▸ TASK DESCRIPTION: Without any omission, reproduce the records that follow.

▸ Stored data entries:
────────────────────

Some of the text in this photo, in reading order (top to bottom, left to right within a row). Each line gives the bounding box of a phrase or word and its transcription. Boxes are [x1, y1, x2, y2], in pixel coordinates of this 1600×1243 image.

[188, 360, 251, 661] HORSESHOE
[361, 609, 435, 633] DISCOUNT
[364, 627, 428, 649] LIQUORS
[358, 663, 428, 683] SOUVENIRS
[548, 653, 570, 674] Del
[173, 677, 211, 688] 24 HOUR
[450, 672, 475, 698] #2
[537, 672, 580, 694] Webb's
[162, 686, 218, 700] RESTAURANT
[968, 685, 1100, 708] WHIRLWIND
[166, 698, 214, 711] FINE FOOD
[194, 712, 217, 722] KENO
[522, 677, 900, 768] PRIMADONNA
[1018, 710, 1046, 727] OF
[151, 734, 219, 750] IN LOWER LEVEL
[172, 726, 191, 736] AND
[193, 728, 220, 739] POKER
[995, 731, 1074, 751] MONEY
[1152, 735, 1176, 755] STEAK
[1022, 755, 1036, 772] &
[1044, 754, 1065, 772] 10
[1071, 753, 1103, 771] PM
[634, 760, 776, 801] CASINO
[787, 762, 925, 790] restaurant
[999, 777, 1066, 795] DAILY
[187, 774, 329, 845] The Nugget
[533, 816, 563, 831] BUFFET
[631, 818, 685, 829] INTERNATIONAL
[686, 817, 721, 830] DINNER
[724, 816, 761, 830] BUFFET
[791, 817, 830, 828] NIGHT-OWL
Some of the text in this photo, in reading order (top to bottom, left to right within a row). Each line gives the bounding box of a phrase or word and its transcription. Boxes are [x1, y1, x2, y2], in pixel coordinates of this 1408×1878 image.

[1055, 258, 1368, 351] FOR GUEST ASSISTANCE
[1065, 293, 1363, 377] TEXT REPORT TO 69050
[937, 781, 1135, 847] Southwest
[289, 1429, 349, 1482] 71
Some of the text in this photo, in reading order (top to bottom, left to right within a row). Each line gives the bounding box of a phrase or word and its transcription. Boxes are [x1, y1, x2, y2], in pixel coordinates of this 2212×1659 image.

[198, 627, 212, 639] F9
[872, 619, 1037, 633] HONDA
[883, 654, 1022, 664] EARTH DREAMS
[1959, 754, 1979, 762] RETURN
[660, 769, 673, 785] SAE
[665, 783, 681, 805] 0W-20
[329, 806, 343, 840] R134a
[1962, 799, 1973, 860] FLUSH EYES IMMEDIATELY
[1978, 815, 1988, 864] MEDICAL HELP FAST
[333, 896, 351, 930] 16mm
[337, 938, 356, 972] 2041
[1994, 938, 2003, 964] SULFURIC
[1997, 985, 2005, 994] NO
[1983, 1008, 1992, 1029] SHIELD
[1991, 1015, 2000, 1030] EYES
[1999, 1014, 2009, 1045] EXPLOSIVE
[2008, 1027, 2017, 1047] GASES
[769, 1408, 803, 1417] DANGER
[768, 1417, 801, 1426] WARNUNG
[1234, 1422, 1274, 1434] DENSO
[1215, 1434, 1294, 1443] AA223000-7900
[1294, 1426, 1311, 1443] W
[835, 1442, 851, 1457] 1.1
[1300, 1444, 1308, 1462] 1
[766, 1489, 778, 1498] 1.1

────────────────────

▸ TASK ANSWER:
Some of the text in this photo, in reading order (top to bottom, left to right within a row). Each line gives the bounding box of a phrase or word and its transcription. Boxes are [x1, y1, x2, y2], in pixel coordinates of this 1600×1243 image.

[188, 360, 251, 661] HORSESHOE
[361, 609, 435, 633] DISCOUNT
[364, 627, 428, 649] LIQUORS
[358, 663, 428, 683] SOUVENIRS
[548, 653, 570, 674] Del
[173, 677, 211, 688] 24 HOUR
[450, 672, 475, 698] #2
[537, 672, 580, 694] Webb's
[162, 686, 218, 700] RESTAURANT
[968, 685, 1100, 708] WHIRLWIND
[166, 698, 214, 711] FINE FOOD
[194, 712, 217, 722] KENO
[522, 677, 900, 768] PRIMADONNA
[1018, 710, 1046, 727] OF
[151, 734, 219, 750] IN LOWER LEVEL
[172, 726, 191, 736] AND
[193, 728, 220, 739] POKER
[995, 731, 1074, 751] MONEY
[1152, 735, 1176, 755] STEAK
[1022, 755, 1036, 772] &
[1044, 754, 1065, 772] 10
[1071, 753, 1103, 771] PM
[634, 760, 776, 801] CASINO
[787, 762, 925, 790] restaurant
[999, 777, 1066, 795] DAILY
[187, 774, 329, 845] The Nugget
[533, 816, 563, 831] BUFFET
[631, 818, 685, 829] INTERNATIONAL
[686, 817, 721, 830] DINNER
[724, 816, 761, 830] BUFFET
[791, 817, 830, 828] NIGHT-OWL
Some of the text in this photo, in reading order (top to bottom, left to right within a row). Each line gives the bounding box of a phrase or word and its transcription. Boxes are [x1, y1, x2, y2], in pixel coordinates of this 1408×1878 image.

[1055, 258, 1368, 351] FOR GUEST ASSISTANCE
[1065, 293, 1363, 377] TEXT REPORT TO 69050
[937, 781, 1135, 847] Southwest
[289, 1429, 349, 1482] 71
Some of the text in this photo, in reading order (top to bottom, left to right within a row). Each line gives the bounding box of a phrase or word and its transcription. Boxes are [x1, y1, x2, y2], in pixel coordinates of this 2212×1659 image.

[198, 627, 212, 639] F9
[872, 619, 1037, 633] HONDA
[883, 654, 1022, 664] EARTH DREAMS
[1959, 754, 1979, 762] RETURN
[660, 769, 673, 785] SAE
[665, 783, 681, 805] 0W-20
[329, 806, 343, 840] R134a
[1962, 799, 1973, 860] FLUSH EYES IMMEDIATELY
[1978, 815, 1988, 864] MEDICAL HELP FAST
[333, 896, 351, 930] 16mm
[337, 938, 356, 972] 2041
[1994, 938, 2003, 964] SULFURIC
[1997, 985, 2005, 994] NO
[1983, 1008, 1992, 1029] SHIELD
[1991, 1015, 2000, 1030] EYES
[1999, 1014, 2009, 1045] EXPLOSIVE
[2008, 1027, 2017, 1047] GASES
[769, 1408, 803, 1417] DANGER
[768, 1417, 801, 1426] WARNUNG
[1234, 1422, 1274, 1434] DENSO
[1215, 1434, 1294, 1443] AA223000-7900
[1294, 1426, 1311, 1443] W
[835, 1442, 851, 1457] 1.1
[1300, 1444, 1308, 1462] 1
[766, 1489, 778, 1498] 1.1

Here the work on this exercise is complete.